Personalisation of language models for dialogue sensitises them to better capture the speaking patterns of people of specific characteristics, and/or in specific environments. However, rich character annotations are difficult to come by and to successfully leverage. In this work, we release and describe a novel set of manual annotations for 863 speakers from the popular Cornell Movie Dialog Corpus, including features like characteristic quotes and character descriptions, and a set of six automatically extracted metadata for over 95% of the featured films. We perform extensive experiments on two corpora and show that such annotations can be effectively used to personalise language models, reducing perplexity by up to 8.5%. Our method can be applied even zero-shot for speakers for whom no prior training data is available, by relying on combinations of characters' demographic characteristics.
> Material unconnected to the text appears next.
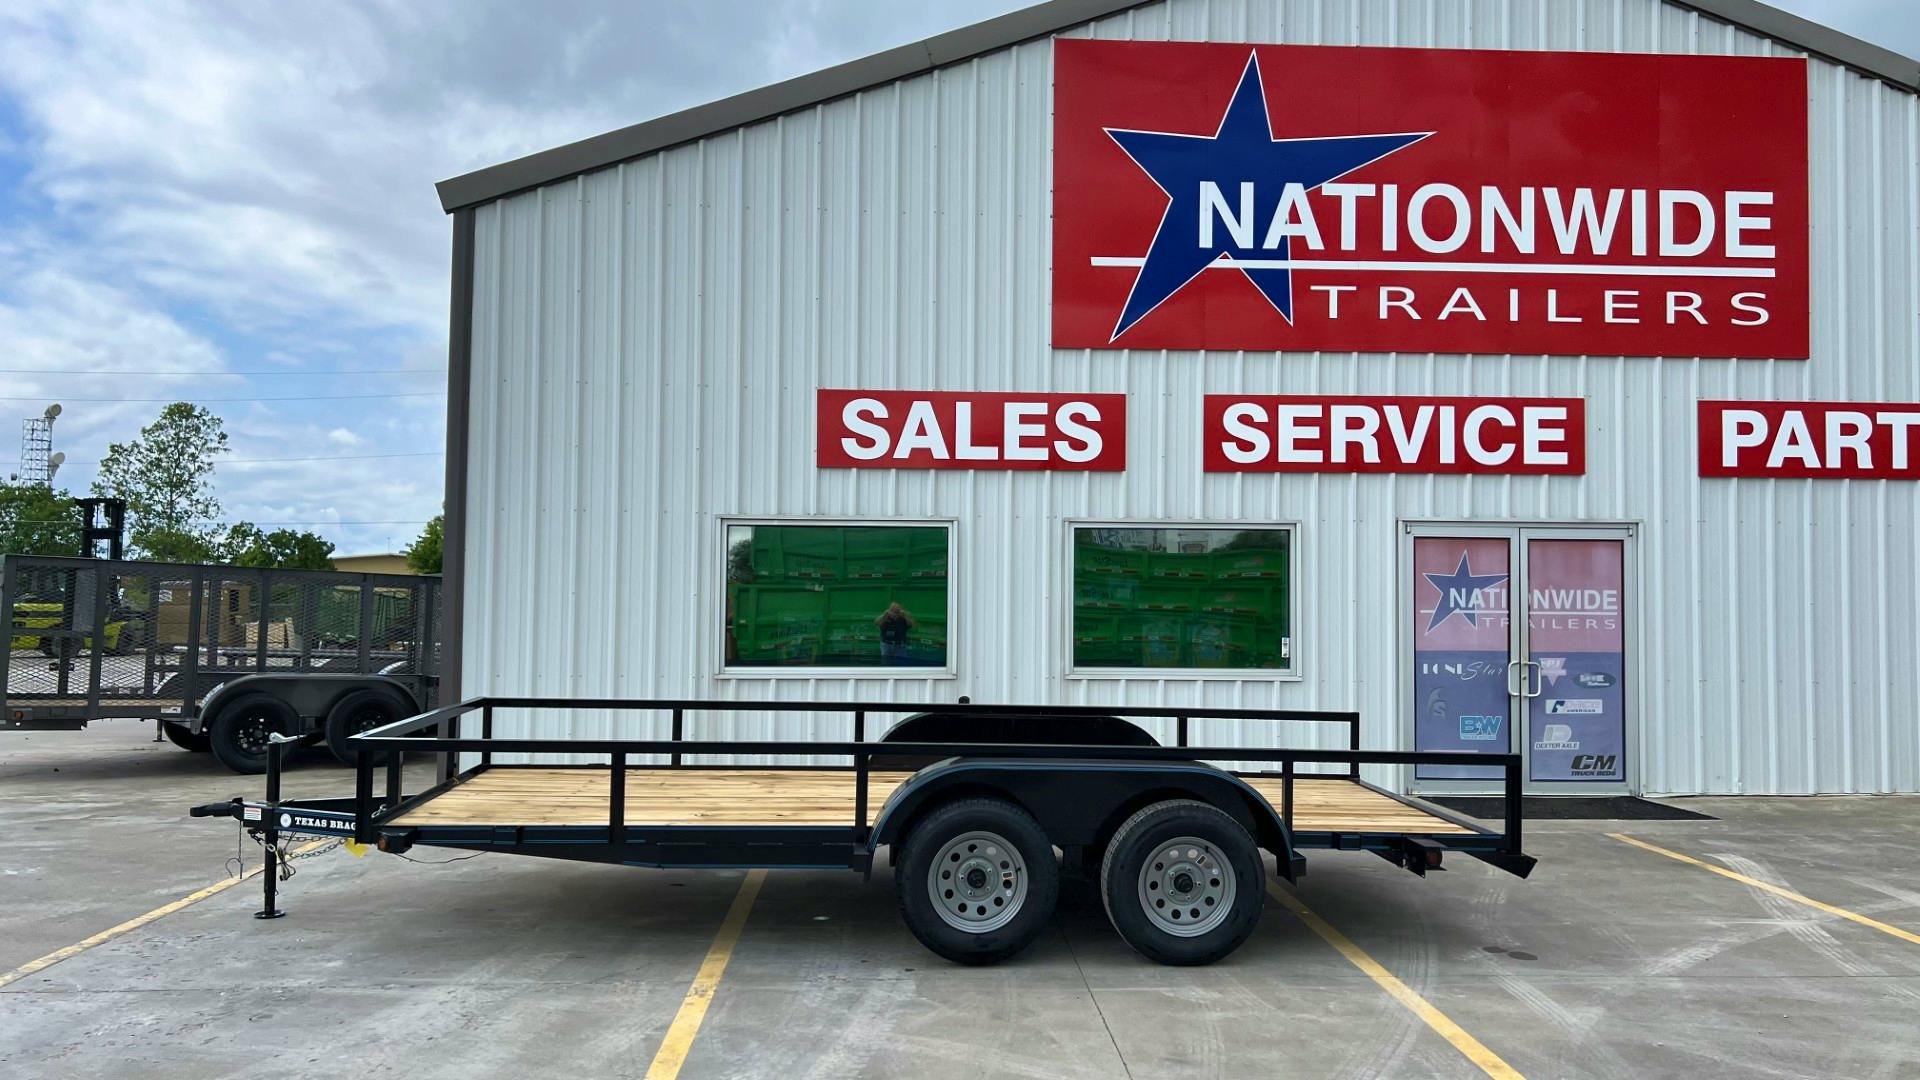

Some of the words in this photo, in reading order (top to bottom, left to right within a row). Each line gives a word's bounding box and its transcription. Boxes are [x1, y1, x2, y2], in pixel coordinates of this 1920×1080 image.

Since collecting such metadata is costly, we also contribute a cost-benefit analysis to highlight which annotations were most cost-effective relative to the reduction in perplexity.
翻译:----
个性化的语言建模是为了更好地捕捉特定人群和/或特定环境的讲话模式。 然而,获得有效的角色注释并成功地利用对AI研究人员来说是一个难题。 在这项工作中,我们发布并描述了一个对流行的康奈尔电影对话语料库中863位发言人进行了标注的新数据集。 包括特征引语和角色描述等功能,以及超过95%的电影的六个自动提取的元数据。 我们在两个语料库上进行了大量实验,并表明这些注释可以有效地用于个性化语言建模,将困惑度降低了高达8.5%。 即使对于没有先前训练数据的发言人,也可以基于角色的人口特征的组合来应用我们的方法,此时我们的方法是零样本的。由于收集此类元数据成本高昂,因此我们还提供了成本效益分析,以突出哪些注释相对于困惑度降低最为具有成本效益。